Life this year has been so fleeting, abstract, isolating. This has also prompted a much needed time of reflection too. Watching the bees, rather than managing the bees I feel vulnerable and yet really connected to something bigger than I can explain. There were no planes in the sky for months and I felt as though nature was breathing with ease, while the dance of life played out through the bees and their abundant spring honey. So fertile and sweet. 

Is it because the bee’s lifespan is so short? or because as an ancient species, bees have been making love to flowers since time on this earth began, that they are associated with sexuality and spirituality? As well as the virtues of: Wisdom, industry, good luck. In Egypt, the bees symbolised, birth, death, and resurrection. I can honestly say that my journey through beekeeping has allowed me to connect to many of these motifs.

When I share the experience of opening a beehive at my educational woodland apiary, I do so with reverence and will often hum a chant to ground me to the earth and at the same time lift my soul to a place in time that is separate from day-to-day life. “Where is the queen, where is the queen?”, children will often say, ‘laying her eggs’ I hum, ‘up to 2000 a day’ Such reverence and stillness then flows in as we observe. It was on one such afternoon, after closing the hives and walking away from the apiary that I was stung on my forehead between my eyes. A specific point, known as the 3rd eye, the gateway the mystics believe to higher consciousness.

Photograph from Beets, Pulse & Thyme

In that instance I believed the sting that this female sister had left meant, ‘we are not a circus to show off (even to children) use your wisdom when working with us’.
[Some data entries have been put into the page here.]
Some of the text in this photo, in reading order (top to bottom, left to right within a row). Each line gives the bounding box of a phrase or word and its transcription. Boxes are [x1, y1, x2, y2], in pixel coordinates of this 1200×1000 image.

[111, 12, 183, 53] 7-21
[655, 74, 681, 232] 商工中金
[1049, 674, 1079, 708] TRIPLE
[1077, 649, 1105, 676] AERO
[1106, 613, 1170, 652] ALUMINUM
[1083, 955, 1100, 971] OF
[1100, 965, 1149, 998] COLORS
It is only the worker bees that sting and will do so usually in defence and then die. What was strange about this sting was it was very gentle. There was no swelling in my face or forehead either, which was unusual for me. 


When I dream about bees it often relates to freeing them or trying to save them. That is also part of my nature of wanting to create a better world for those that don't fit in, for those that are vulnerable or in need. I also think rescue dreams like this link to an anxiety and fear and feeling unsettled. 
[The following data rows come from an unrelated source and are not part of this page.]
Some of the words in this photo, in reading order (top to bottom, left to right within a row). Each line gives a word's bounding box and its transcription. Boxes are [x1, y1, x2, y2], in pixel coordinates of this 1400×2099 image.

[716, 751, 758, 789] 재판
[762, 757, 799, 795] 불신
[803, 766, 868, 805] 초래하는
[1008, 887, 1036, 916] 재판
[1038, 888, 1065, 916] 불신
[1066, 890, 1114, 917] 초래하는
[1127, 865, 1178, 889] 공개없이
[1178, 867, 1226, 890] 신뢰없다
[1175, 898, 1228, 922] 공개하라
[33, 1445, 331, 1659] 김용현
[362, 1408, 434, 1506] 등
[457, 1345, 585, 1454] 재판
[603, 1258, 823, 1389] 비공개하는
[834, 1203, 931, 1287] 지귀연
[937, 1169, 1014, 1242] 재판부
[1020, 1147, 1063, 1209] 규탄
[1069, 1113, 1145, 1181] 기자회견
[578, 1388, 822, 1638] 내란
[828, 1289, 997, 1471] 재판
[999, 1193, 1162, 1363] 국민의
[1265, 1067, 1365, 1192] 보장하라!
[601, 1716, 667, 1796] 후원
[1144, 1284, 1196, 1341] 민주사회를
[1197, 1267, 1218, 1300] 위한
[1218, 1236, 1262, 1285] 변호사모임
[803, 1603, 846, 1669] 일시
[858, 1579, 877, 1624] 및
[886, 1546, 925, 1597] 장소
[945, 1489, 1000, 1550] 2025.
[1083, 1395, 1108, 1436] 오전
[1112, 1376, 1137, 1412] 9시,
My realisation at the end of 2020: When I stop busing myself with the constant doing and start beeing, I am more connected to the bees, myself, and the environment. Is this my middle age, 2020 and cupping the trend of mindfulness that is making me and many turn inwards? Or maybe more of that focused bee wisdom creeping in? We and the bees need the sun, the light to navigate through live. Then returning to our hives, our homes and in the case of the bees total darkness.  Once again when faced with the fear of darkness and at times depression in myself I am learning to stay focus, and now more than ever listening to the breath, closing the eyes and focusing on that third eye.

When faced with the death of a bee colony (as often it is the fittest that survive) it is easy for me as a beginner beekeeper of 4 years to blame myself).  Guilt after all sits well with being female. I feel grief and then get over it with more 'doing'.
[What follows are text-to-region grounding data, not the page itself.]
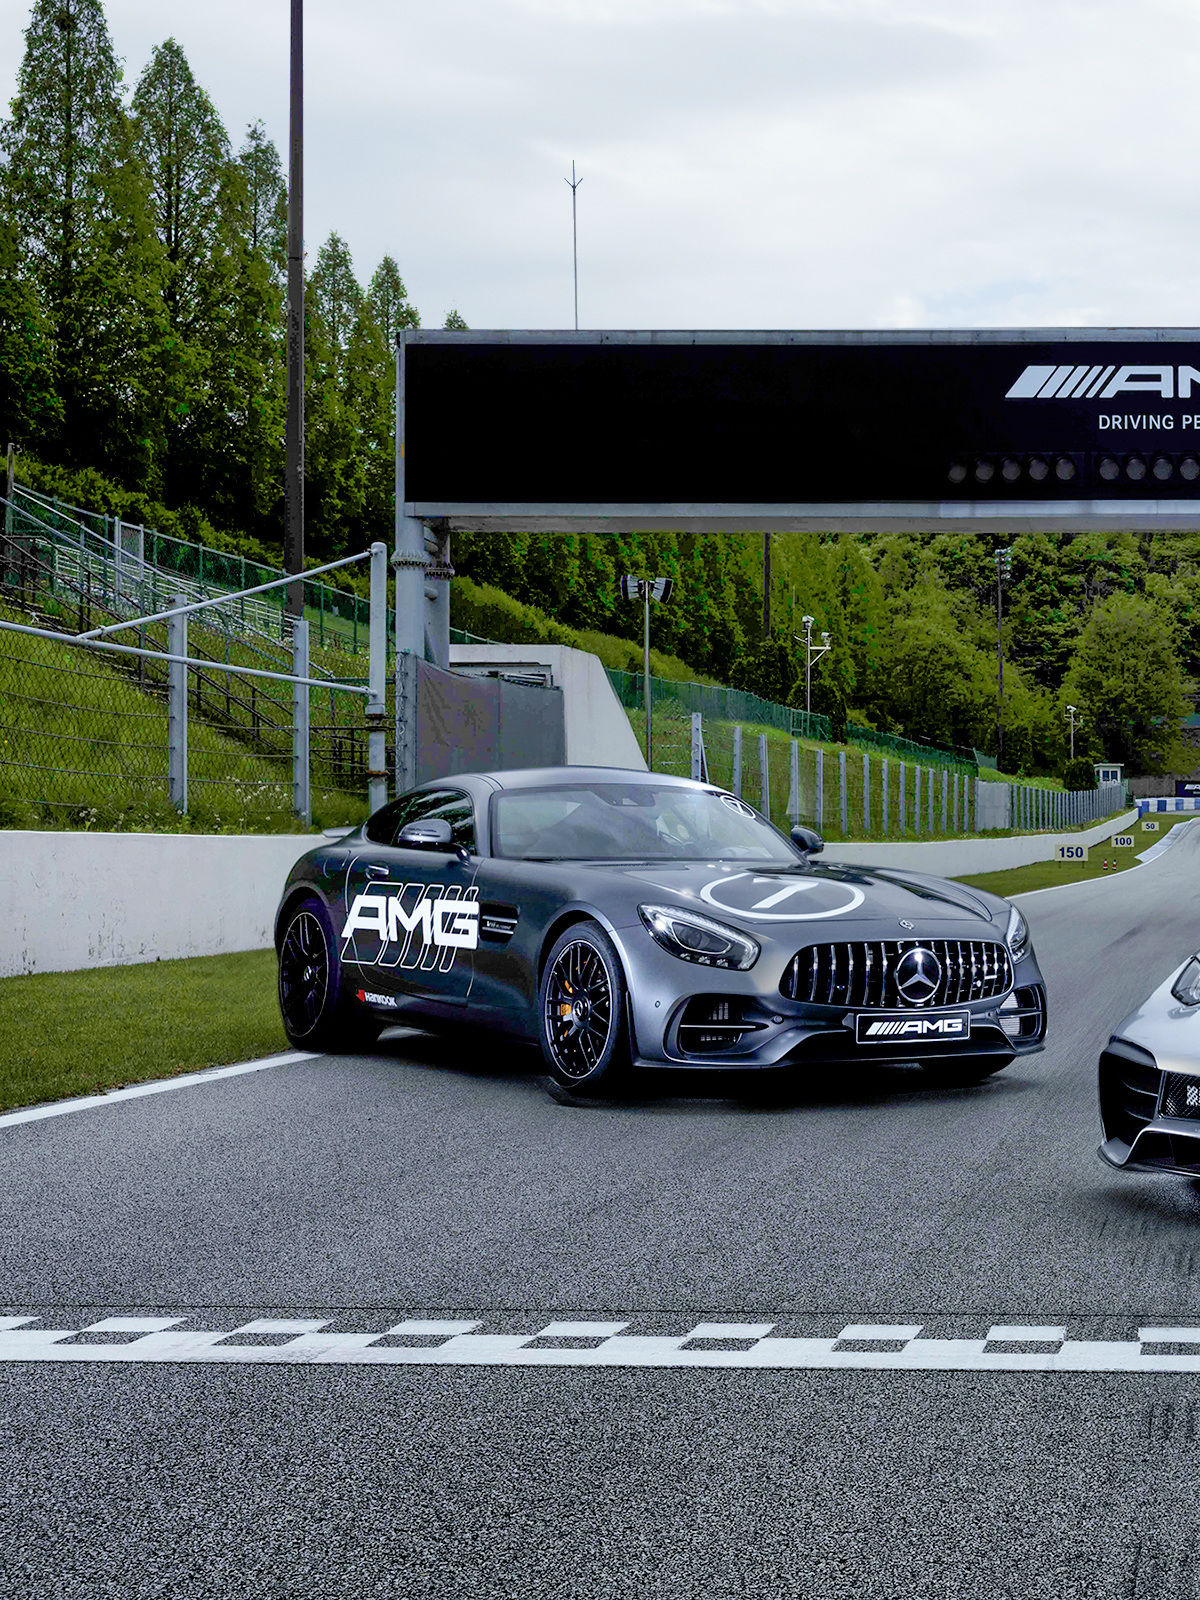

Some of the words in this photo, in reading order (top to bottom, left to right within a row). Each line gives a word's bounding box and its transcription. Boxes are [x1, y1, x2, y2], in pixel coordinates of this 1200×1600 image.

[1099, 414, 1174, 430] DRIVING
[1145, 822, 1156, 830] 50
[1114, 837, 1132, 846] 100
[1059, 846, 1084, 858] 150
[341, 894, 480, 950] AMG
[899, 1018, 963, 1035] AMG
I name my hives after females (both women and children) that I have known who have died. This year the Bella hive collapsed. There were a handful of dead worker bees on the hive floor and honey stores left. It was most strange, and yet more and more beekeepers are finding this where the bees just disappear. This is not from swarming either, there is no sign of the development of a queen egg.

I brought Bella hive home, named after a bold brave 14 year old girl,  but could not look at the hive for weeks. Then one day in early December I gathered up all the dead bees and took them back to the woods on a warm winters morning and lit a fire.  I mourned for the bees and the environment and COVID-19 and felt lonely and lost.  It started to rain. Then I sang Bella’s name, again and again like a prayer as I offered the bees to the fire…Bella's name rung through the woods as the last of her colony were given to the flames.

All felt well again and a sense of life's cycles and our belonging.

I will take this little prayer with me into next year.

I will need these sentiments for sure moving forward with selling our Potions to fund our educational work. I want to be able to sit with the bees and young people and show them teach them what I have learnt to support our connections with ecology, ourselves and the planet. 

 

 

1 comment

This is lovely, Katherine! I have just started to read Song of Increase by Jacqueline Freeman, which is lovely too, have you read it? Hope you and Stuart are surviving in this madness. Dawn and I send our love and hope that we can one day come and visit your hives, with the bees blessing.